With the outbreak of the Virus spreading beyond China, it appears obvious that New Zealand’s government must protect its people by bringing to a halt–as any decent government should–any international movement of people, regardless of the nature of the movement. Despite this seemingly obvious point, insipid commentary from journalists regarding economic trials and tribulations is prominent. Along with this, such journalists continue to suggest, comes the straining of relationships between New Zealand and China. We suggest, instead, that other issues remain cardinal in comparison to petty economism.
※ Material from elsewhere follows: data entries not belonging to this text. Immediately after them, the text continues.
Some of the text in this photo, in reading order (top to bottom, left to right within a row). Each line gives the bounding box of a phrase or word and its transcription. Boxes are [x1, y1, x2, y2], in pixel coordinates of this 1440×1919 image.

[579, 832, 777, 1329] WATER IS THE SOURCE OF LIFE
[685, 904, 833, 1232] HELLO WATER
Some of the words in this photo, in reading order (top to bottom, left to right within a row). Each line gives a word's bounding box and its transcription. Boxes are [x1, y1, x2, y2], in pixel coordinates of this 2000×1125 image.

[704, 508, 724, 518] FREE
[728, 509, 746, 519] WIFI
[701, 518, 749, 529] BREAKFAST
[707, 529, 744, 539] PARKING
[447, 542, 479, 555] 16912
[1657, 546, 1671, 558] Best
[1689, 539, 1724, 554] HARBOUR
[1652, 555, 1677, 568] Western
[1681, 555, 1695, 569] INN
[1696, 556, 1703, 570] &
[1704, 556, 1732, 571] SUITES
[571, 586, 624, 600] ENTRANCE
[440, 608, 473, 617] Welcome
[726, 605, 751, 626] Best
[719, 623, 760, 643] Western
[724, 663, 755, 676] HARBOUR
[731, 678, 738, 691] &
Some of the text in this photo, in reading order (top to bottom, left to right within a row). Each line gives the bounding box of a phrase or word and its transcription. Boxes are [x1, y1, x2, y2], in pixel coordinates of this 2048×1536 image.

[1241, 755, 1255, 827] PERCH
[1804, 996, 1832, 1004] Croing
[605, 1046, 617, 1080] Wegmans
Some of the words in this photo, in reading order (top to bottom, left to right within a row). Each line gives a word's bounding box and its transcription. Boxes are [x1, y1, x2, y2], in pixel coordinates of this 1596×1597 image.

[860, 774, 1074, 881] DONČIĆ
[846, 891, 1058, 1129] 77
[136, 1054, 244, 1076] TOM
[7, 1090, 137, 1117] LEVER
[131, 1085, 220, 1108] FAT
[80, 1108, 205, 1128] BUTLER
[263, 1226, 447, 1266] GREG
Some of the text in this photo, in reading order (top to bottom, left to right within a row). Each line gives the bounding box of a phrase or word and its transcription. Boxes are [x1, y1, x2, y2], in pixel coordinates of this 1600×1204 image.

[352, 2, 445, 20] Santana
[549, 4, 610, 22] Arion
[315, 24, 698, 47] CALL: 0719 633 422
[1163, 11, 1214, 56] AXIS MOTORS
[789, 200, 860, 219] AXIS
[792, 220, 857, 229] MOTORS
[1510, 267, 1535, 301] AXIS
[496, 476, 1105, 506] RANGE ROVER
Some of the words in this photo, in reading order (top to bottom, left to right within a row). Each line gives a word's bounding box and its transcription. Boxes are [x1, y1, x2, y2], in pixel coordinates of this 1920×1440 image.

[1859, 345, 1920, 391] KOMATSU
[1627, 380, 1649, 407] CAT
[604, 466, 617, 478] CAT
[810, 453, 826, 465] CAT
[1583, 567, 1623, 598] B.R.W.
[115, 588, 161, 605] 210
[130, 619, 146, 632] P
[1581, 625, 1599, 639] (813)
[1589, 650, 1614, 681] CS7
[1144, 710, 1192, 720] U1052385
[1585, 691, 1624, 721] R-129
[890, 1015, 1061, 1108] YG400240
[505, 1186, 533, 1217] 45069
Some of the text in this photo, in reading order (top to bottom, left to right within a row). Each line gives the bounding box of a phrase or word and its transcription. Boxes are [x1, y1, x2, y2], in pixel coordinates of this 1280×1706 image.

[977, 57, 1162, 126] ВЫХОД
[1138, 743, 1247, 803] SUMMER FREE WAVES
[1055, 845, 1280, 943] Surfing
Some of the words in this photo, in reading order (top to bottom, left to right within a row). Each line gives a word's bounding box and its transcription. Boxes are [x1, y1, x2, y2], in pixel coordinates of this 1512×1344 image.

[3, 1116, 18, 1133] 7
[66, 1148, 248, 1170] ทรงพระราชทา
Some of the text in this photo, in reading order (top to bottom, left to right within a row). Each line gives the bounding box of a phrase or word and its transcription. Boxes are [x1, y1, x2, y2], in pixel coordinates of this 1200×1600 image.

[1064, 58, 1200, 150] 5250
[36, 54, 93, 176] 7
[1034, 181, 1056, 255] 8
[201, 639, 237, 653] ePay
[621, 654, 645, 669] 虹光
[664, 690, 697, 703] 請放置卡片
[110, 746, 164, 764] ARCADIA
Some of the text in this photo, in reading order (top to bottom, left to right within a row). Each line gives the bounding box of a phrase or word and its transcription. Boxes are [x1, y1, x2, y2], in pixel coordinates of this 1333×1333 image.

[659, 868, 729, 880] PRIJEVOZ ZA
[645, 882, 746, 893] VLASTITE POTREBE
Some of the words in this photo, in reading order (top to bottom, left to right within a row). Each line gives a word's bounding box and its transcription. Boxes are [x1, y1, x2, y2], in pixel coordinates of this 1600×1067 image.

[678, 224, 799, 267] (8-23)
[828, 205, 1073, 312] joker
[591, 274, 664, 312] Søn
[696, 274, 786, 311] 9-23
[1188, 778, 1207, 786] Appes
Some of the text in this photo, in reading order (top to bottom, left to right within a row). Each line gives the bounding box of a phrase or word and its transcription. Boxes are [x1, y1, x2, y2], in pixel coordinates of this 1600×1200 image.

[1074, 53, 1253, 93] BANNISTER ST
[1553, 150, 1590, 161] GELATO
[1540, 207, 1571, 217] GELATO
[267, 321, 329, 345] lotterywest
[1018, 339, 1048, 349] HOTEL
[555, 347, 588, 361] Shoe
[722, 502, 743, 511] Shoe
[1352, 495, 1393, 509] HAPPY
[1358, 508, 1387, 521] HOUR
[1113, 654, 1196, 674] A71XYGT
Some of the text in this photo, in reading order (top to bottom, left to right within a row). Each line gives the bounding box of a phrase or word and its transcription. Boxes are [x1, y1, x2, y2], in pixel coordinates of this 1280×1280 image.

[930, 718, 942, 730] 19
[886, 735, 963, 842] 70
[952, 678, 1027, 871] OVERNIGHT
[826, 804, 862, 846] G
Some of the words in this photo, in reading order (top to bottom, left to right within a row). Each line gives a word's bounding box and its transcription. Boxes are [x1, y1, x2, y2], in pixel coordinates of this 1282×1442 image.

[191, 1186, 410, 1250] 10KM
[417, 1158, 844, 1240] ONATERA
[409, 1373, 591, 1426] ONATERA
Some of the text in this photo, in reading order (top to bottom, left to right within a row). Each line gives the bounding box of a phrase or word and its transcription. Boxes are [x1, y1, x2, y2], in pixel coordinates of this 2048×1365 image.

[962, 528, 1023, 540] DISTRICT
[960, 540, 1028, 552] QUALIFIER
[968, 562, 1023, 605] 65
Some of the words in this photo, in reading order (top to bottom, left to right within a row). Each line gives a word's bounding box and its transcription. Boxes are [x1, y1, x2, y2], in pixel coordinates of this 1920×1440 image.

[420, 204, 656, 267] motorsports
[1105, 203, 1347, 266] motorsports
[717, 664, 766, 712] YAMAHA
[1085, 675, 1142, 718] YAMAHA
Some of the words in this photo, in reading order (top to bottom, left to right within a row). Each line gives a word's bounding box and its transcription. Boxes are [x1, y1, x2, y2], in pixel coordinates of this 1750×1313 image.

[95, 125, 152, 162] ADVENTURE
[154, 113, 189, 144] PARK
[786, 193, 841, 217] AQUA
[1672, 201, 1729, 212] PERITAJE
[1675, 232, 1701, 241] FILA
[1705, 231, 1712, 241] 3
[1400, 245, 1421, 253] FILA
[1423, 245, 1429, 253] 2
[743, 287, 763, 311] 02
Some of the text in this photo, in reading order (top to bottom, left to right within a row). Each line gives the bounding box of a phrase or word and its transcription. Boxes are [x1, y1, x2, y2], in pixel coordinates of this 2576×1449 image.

The fact that our present government did not stop the movement of people from China as soon as it was discovered that large amounts of China’s population were infected with the virus highlights the incompetency of the government and suggests that its priorities are more deranged than one would have hoped. Given that during the early stages of this outbreak the extent to which the virus posed a risk to us was unknown, the government’s lack of precautionary measures indicates an insidious impotence on its part; that is both now and into the future. The well-being of its people both now and in the future should be the priority of any government. However, an ever-pervasive attitude of economism thrives in all spheres of life in New Zealand, and particularly among our officials and journalists.
This attitude, which has for years now dominated our culture, is one that economically rationalises the majority of an individual’s life. Every individual is encouraged to view their fellow countrymen as a part one big economic unit. With this dogmatic economism comes the necessity of placing all issues in monetary, materialistic parlance bound to a cycle of over-consumption. This is to the benefit of the ever-present globalists; this attitude–or rather way of life–best defines the status quo in thought among modern men. It is this present truism that must change if we as a people are to put up a challenge against the globalist agenda that seeks to reduce men to mere economic units. Yet, as one can observe through the country’s most popular news outlets, article after article is posted professing the negative economic outcomes the current travel bans are having on New Zealand’s economy. It is not the well-being of the people that these institutions are out for, but rather the flow of money in commercial districts. It is all well and good for us to trade resources where need be, but when profits and the flow of money are placed over the well-being of a people, there exists a crucial problem. That is because our financial system favours multinational corporations, and places plutocratic values in the minds of government officials to prop up the inherently flawed economic system. After all, this system does not exist to serve the people it purports to, but rather international plutocrats.
Much to the exasperation of organic-thinking people, this economic rationalisation of the spread of the Coronavirus perfectly highlights the hypocrisy that runs deep through the veins of the rootless individuals who advocate for such economism. These rootless individuals fill the offices of New Zealand’s media outlets, the floors that house multinational corporations and other such institutions. While these insidious organisations profess to care for this country, they simultaneously corrupt its people with malignant ways of being and do so while slyly posing with an empathetic face. With never-ending talking points regarding such things as the potential monetary losses from the University of Auckland, or strained relationships with non-New Zealand students and families because of travel bans, one wonders if the faux-compassion espoused by journalists could ever extend (in a meaningful way) to the people they are supposed to be informing. It would appear not. Radio New Zealand even went as far as to discuss the alleged issue with the UoA Chinese Students’ Association, stating that the bans would hinder graduation times for Chinese students and will affect future enrolments at the University. RNZ may do well to consider the well-being of actual New Zealanders rather than foreign students and the pockets of a University that panders to foreign money.
It will appear to any good-thinking person that for a country to truly prosper, it must move beyond things that hold a nation in the material realm. Economic-based rationale, particularly during times of global ‘crisis’, is not the way to support creating and maintaining healthy people.
Each of us must help to create a healthier future for the coming generations. Take action now by rejecting degenerative attitudes and ways of being.